What is it? Scientists at the University of Exeter have created new compounds that reverse the aging of human cells.
Why does it matter? Everyone wants to feel a little younger, right? But more than that, this advance raises the possibility of treatments that can ward off age-related health problems like heart attacks and strokes, cancer, dementia, and diabetes. As one of the researchers involved in the project pointed out, it’s not about simply “extending lifespan” — it’s about helping people remain healthier for longer.
How does it work? Researchers targeted endothelial cells, which line the inside of blood vessels. As we grow older, those cells become senescent — they deteriorate and stop dividing. Co-author Lorna Harries explained, “As human bodies age, they accumulate old (senescent) cells that do not function as well as younger cells. This is not just an effect of ageing — it’s a reason why we age.” According to Exeter, the compounds Harries’ team developed zero in on mitochondria — the cells’ “power stations” — and deliver “minute quantities of the gas hydrogen sulfide” that help senescent cells generate energy they need to survive. Nearly half of the cells the team tested showed signs of rejuvenation. “This may well be the basis for a new generation of anti-degenerative drugs,” Harries said. She and her colleagues published their findings in the journal Aging.

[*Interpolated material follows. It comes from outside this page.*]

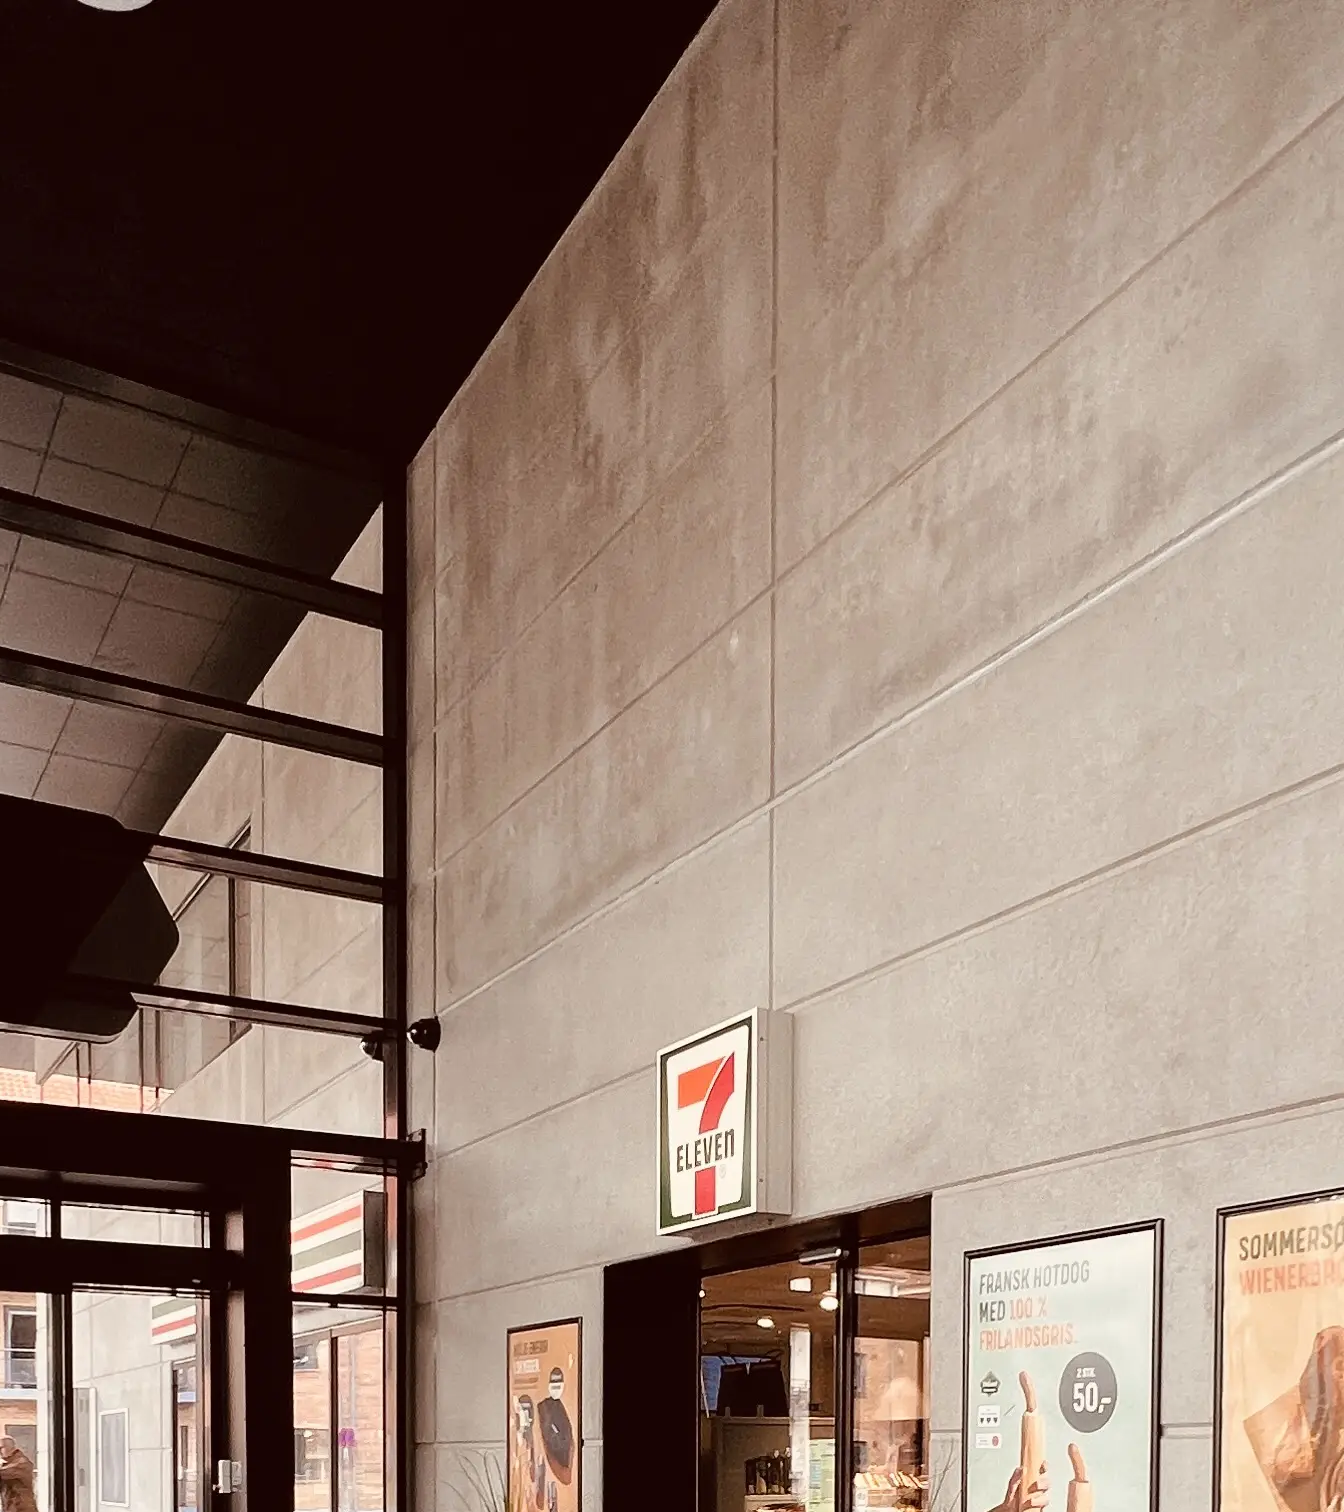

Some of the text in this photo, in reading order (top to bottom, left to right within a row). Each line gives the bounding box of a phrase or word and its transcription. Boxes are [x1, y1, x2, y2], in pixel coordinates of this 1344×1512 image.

[677, 1051, 735, 1216] 7
[979, 1259, 1091, 1296] FRANSK HOTDOG
[979, 1300, 1006, 1324] MED
[1009, 1296, 1034, 1321] 100

What is it? An unmanned solar-powered aircraft has completed a voyage that its maker, Airbus, describes as “the longest duration flight ever made”: 25 days, 23 hours and 57 minutes. And boy, are its arms tired!

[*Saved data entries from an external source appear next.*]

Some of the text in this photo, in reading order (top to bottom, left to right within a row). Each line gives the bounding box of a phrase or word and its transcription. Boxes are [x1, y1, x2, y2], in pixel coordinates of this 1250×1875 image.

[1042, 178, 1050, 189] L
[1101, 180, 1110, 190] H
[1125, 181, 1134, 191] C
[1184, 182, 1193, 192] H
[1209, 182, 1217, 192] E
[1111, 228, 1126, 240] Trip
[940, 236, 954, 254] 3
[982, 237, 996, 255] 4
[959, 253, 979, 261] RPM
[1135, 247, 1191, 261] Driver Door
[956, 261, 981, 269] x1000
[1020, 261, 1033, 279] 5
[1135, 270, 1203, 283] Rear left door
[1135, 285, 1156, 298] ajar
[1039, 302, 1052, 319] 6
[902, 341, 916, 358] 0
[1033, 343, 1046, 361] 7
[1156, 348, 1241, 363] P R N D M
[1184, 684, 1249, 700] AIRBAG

Why does it matter? The name of the craft is Zephyr S, and it belongs to a category of vehicles called HAPS: high-altitude pseudo-satellites. The immediate promise of a vehicle like Zephyr is that it combines services typically associated with satellites — defense, mapping, environmental, humanitarian — with the flexibility of an unmanned aerial vehicle, or drone. The vehicle can be useful in assessing disasters, obtaining high-res images of wildfires or oil spills and monitoring borders, while being cheaper to launch and maintain than a conventional satellite. (The first customer for the craft, according to Digital Trends, is the U.K.’s Ministry of Defense.)
How does it work? By getting close to the sun and staying out of everybody’s way: Zephyr S’s cruise altitude is 70,000 feet, meaning it doesn’t interfere with conventional air traffic. At night, the vehicle is powered by batteries that store solar energy while the sun is out; it has a wingspan of 25 meters and weighs a mere 75 kilograms, but is able to carry a payload of five times that. Airbus’ head of unmanned aerial systems, Jana Rosenmann, said, ”This very successful maiden flight represents a new significant milestone in the Zephyr program, adding a new stratospheric flight endurance record which we hope will be formalized very shortly. We will in the coming days check all engineering data and outputs and start the preparation of additional flights planned for the second half of this year from our new operating site at the Wyndham airfield in Western Australia.”